Hi everyone.
I'm starting to work on a project in Juce that will involve lots of 2D graphics (special-purpose game engine). I need to be able to render many (e.g. 10,000) small (e.g. 64x64) ARGB images (originally PNG, if that matters) to screen per frame at 60 FPS. The images may be flipped vertically or horizontally but they will not be scaled or clipped (by anything other than the window). If it turns out to be faster I can have it make pre-flipped copies of appropriate images--memory is not much of a concern at this point.
I'm running Ubuntu 14.4 64-bit with nVidia GTX 660 and the proprietary drivers, in case this matters, but I want the result to be pretty portable to anyone with a modern GPU on Windows and Mac too.
I made a little stress-test program with some code adapted from the 2D background behind the 3D teapot in the demo: a component that's also an OpenGLRenderer, which gets a LowLevelGraphicsContext and puts it in a Graphics object, but then the actual rendering is g.drawImageAt(etc).
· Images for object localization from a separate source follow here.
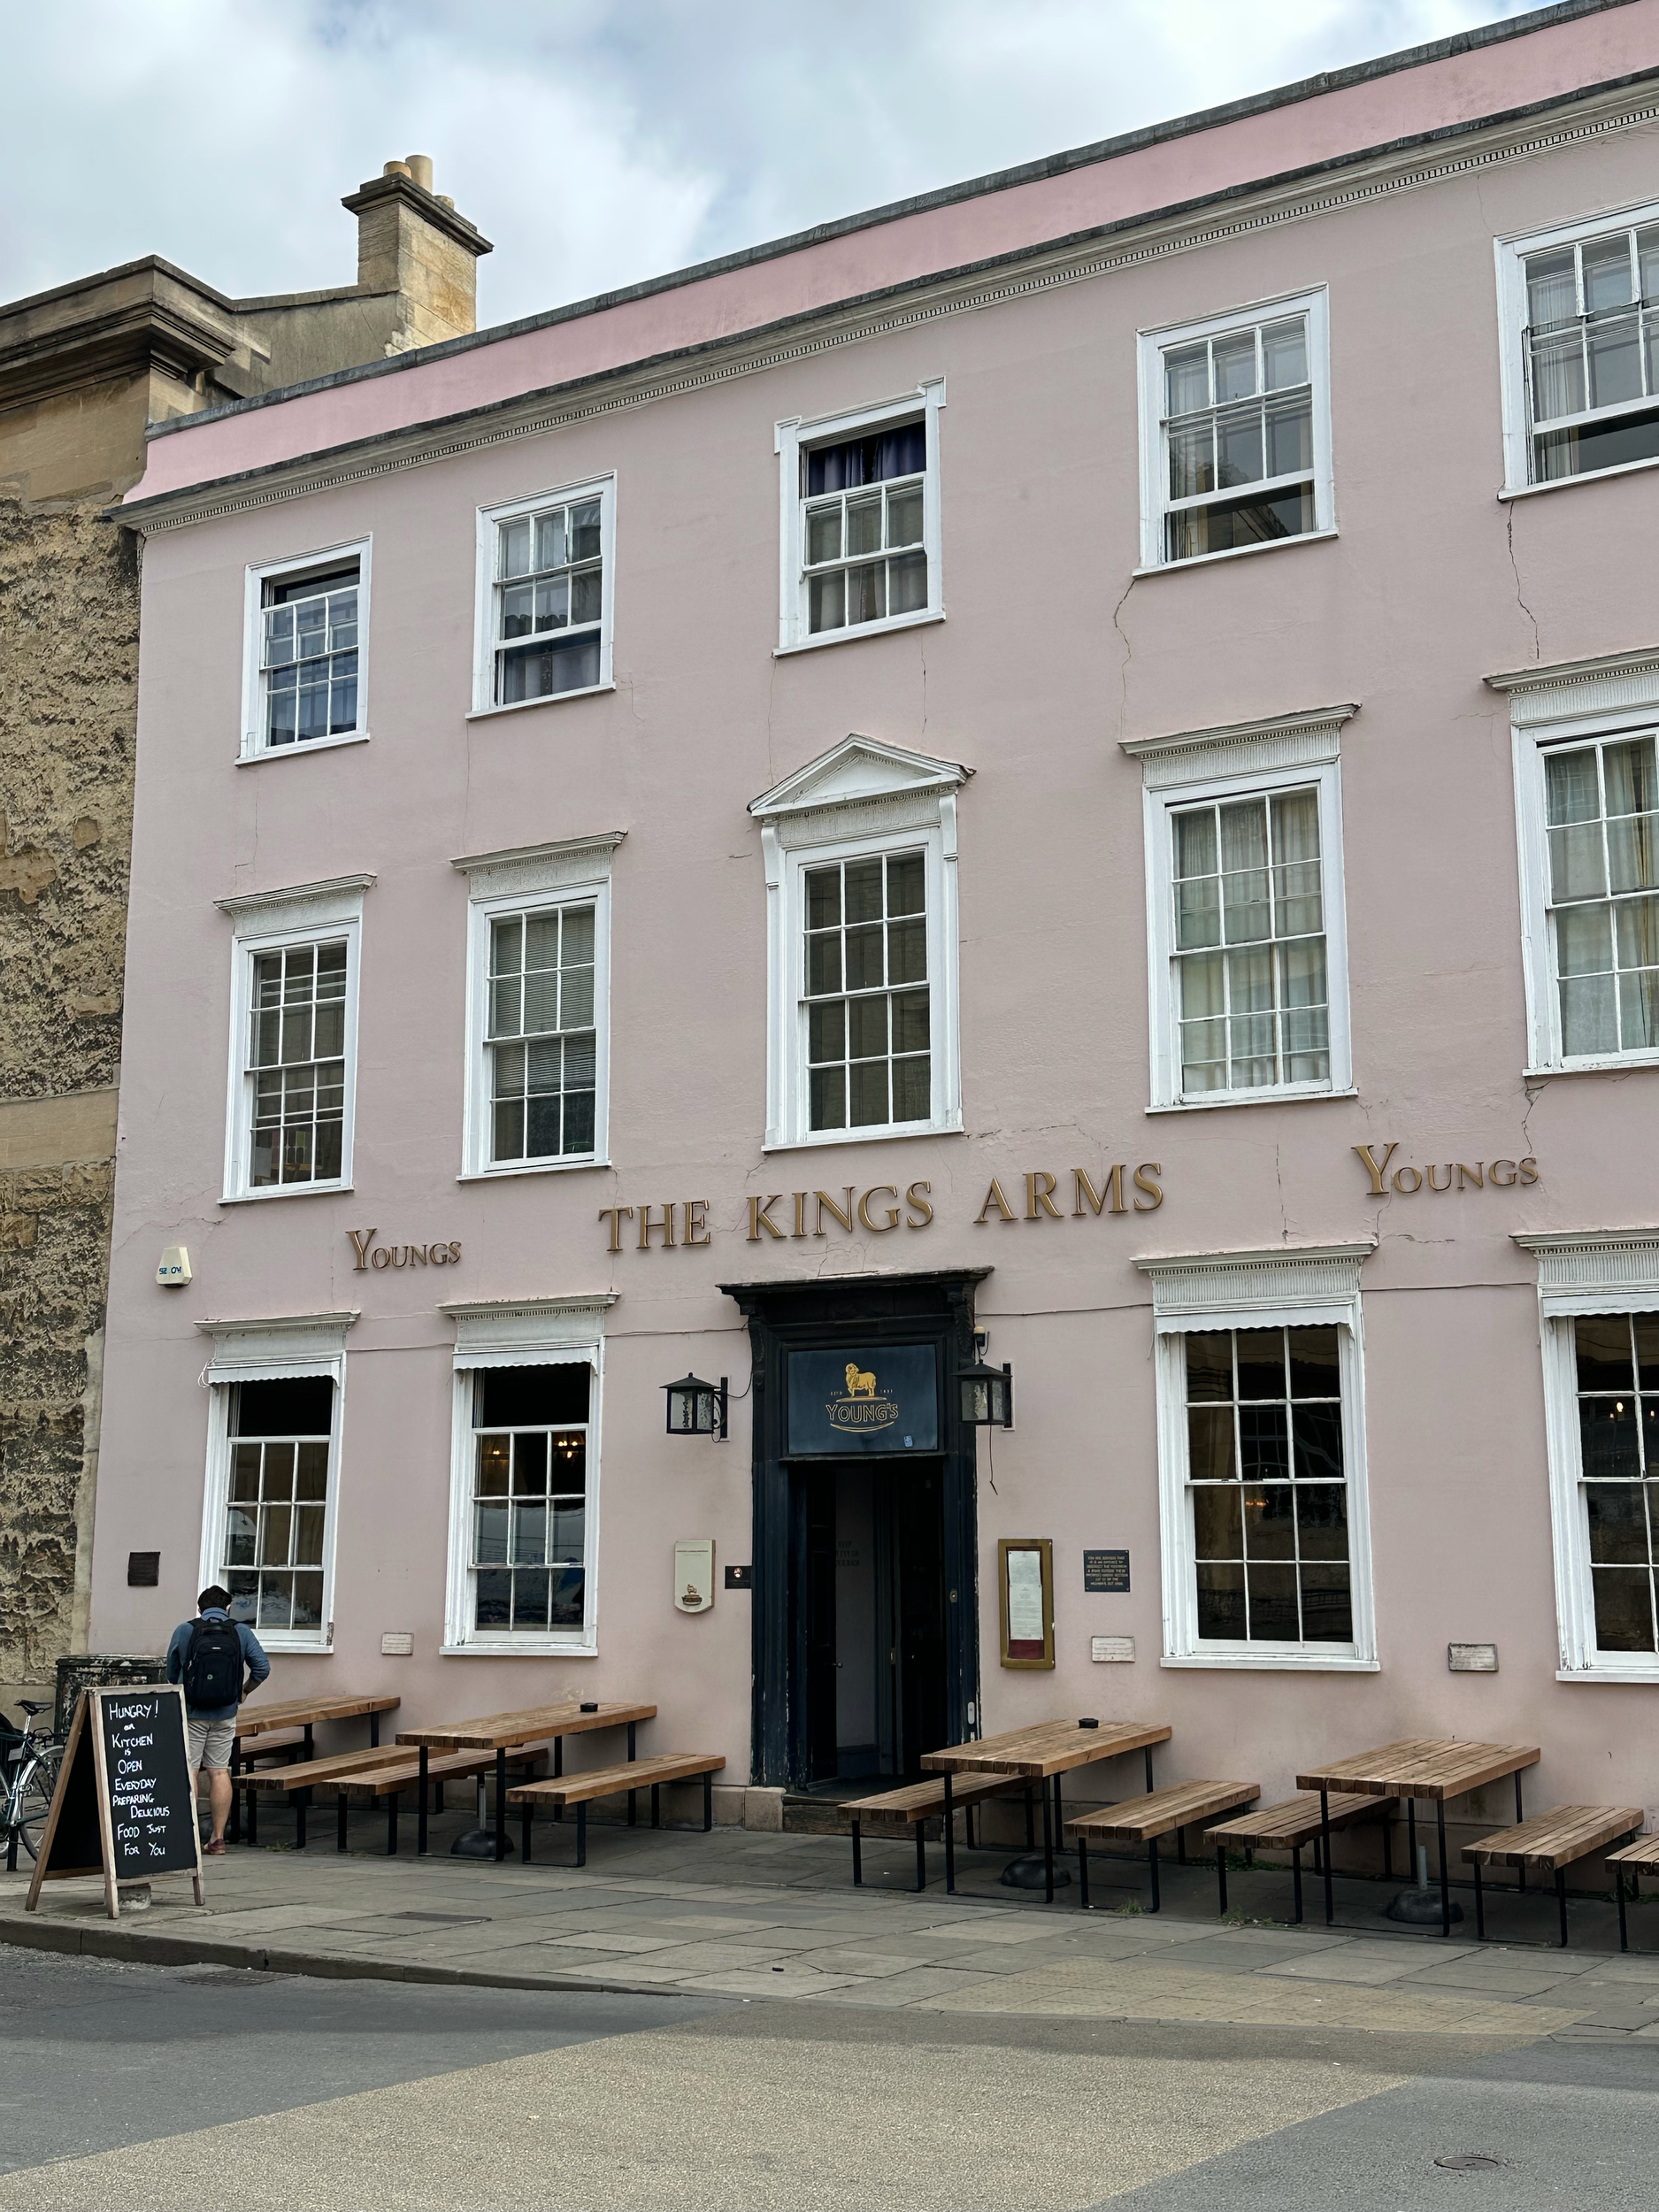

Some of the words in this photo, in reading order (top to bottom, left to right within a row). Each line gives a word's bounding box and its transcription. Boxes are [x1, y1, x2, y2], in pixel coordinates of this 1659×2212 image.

[598, 1199, 711, 1252] THE
[745, 1181, 933, 1241] KINGS
[972, 1162, 1164, 1223] ARMS
[826, 1402, 899, 1423] YOUNG'S
[111, 1732, 153, 1748] KITCHEN
[118, 1759, 142, 1775] OPEN
[115, 1778, 157, 1791] EVERYDAY
[112, 1793, 155, 1807] PREPARING
[130, 1805, 171, 1819] DELICIOUS
[117, 1823, 140, 1840] FOOD
[146, 1824, 166, 1834] JUST
[124, 1842, 140, 1856] FOR
[149, 1842, 165, 1856] YOU
This runs fine with 1000 images per frame but lags to 6 FPS at 10,000 images per frame. It looks like the work is being done by the CPU, though.
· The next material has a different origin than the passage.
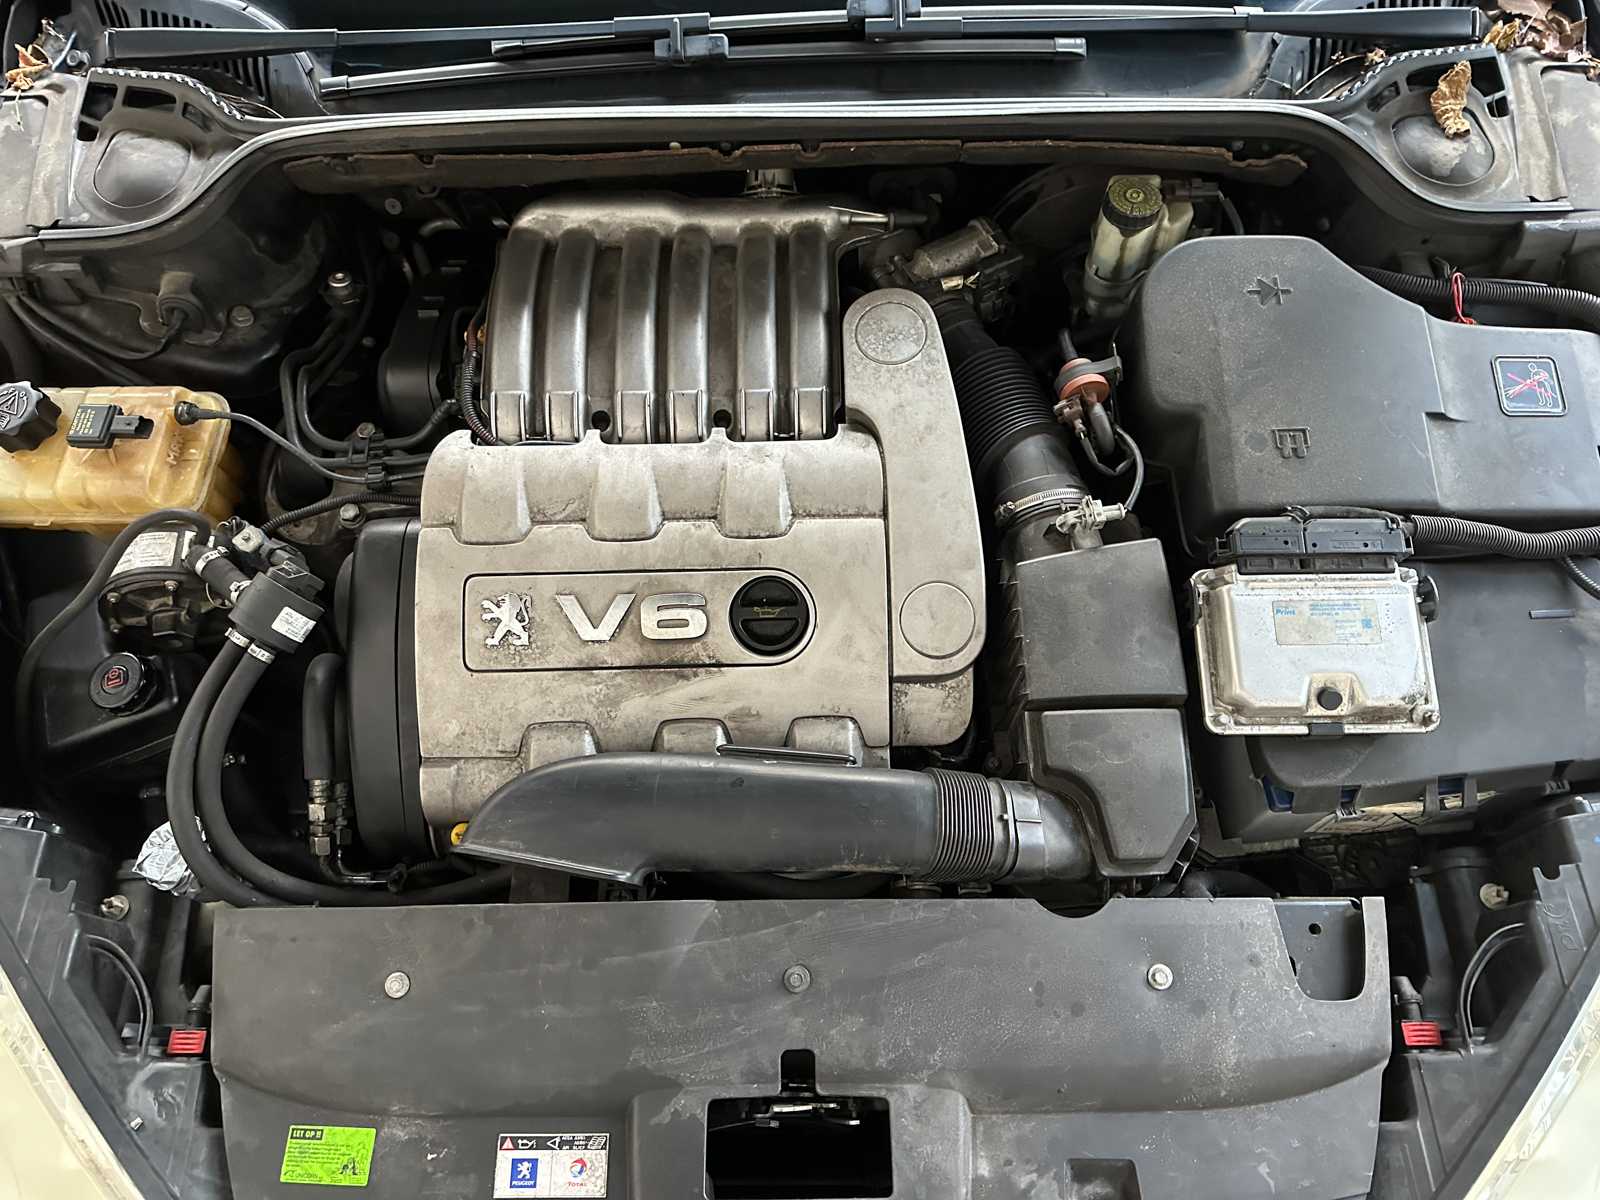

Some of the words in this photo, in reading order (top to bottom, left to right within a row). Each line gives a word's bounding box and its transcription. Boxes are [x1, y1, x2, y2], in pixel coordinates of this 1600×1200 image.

[556, 593, 707, 641] V6
[293, 1130, 304, 1138] LET
[305, 1130, 315, 1138] OP
I'm assuming that drawing images directly to the Graphics in Component::paint() won't be any faster than this. But is there any way to use the full power of my GPU to draw these images? Maybe putting each image on two triangles and rendering them as 3D? Custom vertex shaders? I don't have any previous experience with programming for OpenGL anywhere near directly, so I'm not sure what's available.